Was tun bei Laktoseintoleranz ?

Diagnose

Was tun bei Laktoseintoleranz ?

Wurde bei Ihnen eine Laktoseintoleranz diagnostiziert, ist die grundlegende Therapie eine Ernährungsumstellung.

Diese sollte immer in Absprache mit einem Arzt oder einer professionellen Ernährungsfachkraft erfolgen.

Dabei werden je nach Schweregrad der Erkrankung unterschiedliche Kostformen unterschieden:

  • Fehlt das Enzym Laktase völlig, muss eine laktosefreie Kost eingehalten werden. Das bedeutet, dass am Tag höchstens 1 Gramm Laktose aufgenommen werden darf.
  • Besteht hingegen nur ein Laktasemangel, ist eine laktosearme Kost notwendig. Dabei dürfen am Tag 8-10 Gramm Laktose aufgenommen werden.

Welche Variante auf Sie zutrifft, ist von der Auswertung der Tests abhängig.

Viele laktoseintolerante Personen streichen Milch und Milchprodukte völlig von ihrem Speiseplan, aus Angst vor schmerzhaften oder unangenehmen Symptomen. Das ist einerseits verständlich, schränkt die Lebensqualität aber oft unnötig ein.

Gut zu wissen: Eine aktuelle Studienanalyse konnte zeigen, dass bei den meisten Menschen erst eine Menge von etwa 25 g Laktose (entsprich etwa einem halben Liter Milch) zu entsprechenden Symptomen führt. Laktosemengen unter 12 g wurden dagegen von den Betroffenen nicht bemerkt.

Erfahrungen von Ärzten und Ernährungsberatern zeigen auch, dass oft kleine Mengen (bis zu 200 ml Milch am Tag) gut toleriert werden. Die meisten Betroffenen vertragen zudem gesäuerte Milchprodukte (Joghurt, Dickmilch, Buttermilch, Quark) und reifen Käse (Schnittkäse, Weichkäse) sehr gut. In diesen Lebensmitteln wurde bereits ein Großteil der Laktose durch Milchsäurebakterien zu Laktat (=Milchsäure) abgebaut. Allerdings ist auch festzustellen, dass viele Personen mit einer Laktoseintoleranz durch negative Erlebnisse so sensibilisiert sind, so dass sie bereits nach dem Verzehr kleinster Mengen an Laktose (z.B. Milch im Kaffee) negative Symptome beschreiben.

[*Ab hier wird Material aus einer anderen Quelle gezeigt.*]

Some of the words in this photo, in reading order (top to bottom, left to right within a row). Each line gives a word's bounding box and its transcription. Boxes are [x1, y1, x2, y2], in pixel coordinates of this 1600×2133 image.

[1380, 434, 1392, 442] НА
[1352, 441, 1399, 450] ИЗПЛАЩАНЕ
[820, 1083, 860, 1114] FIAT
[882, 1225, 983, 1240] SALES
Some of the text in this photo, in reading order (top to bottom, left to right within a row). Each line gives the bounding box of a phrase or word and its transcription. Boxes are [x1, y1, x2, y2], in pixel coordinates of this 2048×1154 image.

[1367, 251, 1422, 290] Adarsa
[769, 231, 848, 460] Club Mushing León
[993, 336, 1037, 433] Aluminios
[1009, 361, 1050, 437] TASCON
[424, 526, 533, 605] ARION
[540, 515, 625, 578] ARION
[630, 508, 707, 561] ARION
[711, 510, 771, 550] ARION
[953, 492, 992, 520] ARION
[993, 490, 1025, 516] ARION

Übrigens: Ein völliger Verzicht auf Laktose kann möglicherweise dazu führen, dass sich die Darmbakterien nicht an ein steigendes Laktoseangebot gewöhnen. Die Verträglichkeit von Laktose kann dadurch immer stärker abnehmen. Über Jahre hinweg kann dies negative Auswirkungen auf die Nährstoffversorgung, insbesondere die Calcium-Versorgung haben.